# [YOUR ASSIGNMENT]
Omit the pictures found among the records and print everything else exactly as it stands.

MATERIAL FOR THIS TASK section start

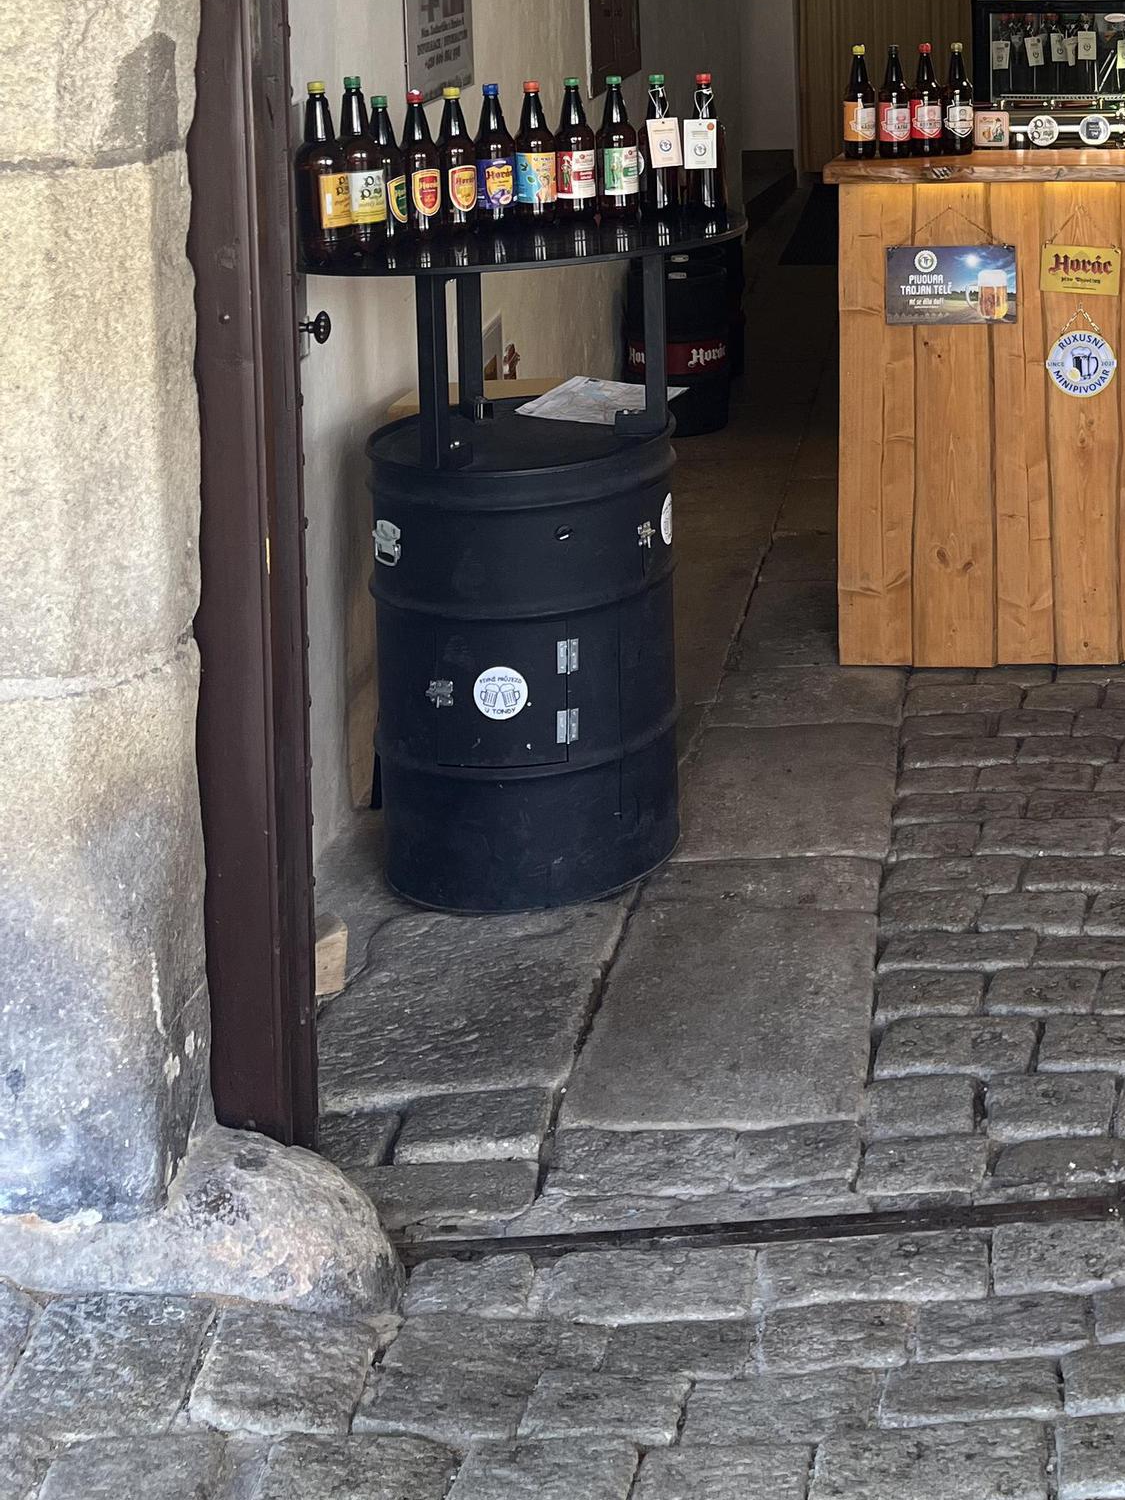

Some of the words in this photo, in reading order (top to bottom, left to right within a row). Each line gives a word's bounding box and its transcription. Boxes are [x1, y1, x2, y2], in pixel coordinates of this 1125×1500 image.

[1048, 253, 1113, 275] Horác
[900, 285, 932, 294] TROJAN
[933, 282, 952, 294] TELČ
[629, 345, 646, 364] Hor
[1053, 369, 1110, 393] MINIPIVOVAR

MATERIAL FOR THIS TASK section end

# [RESPONSE TO THIS EXERCISE]
Some of the words in this photo, in reading order (top to bottom, left to right within a row). Each line gives a word's bounding box and its transcription. Boxes are [x1, y1, x2, y2], in pixel coordinates of this 1125×1500 image.

[1048, 253, 1113, 275] Horác
[900, 285, 932, 294] TROJAN
[933, 282, 952, 294] TELČ
[629, 345, 646, 364] Hor
[1053, 369, 1110, 393] MINIPIVOVAR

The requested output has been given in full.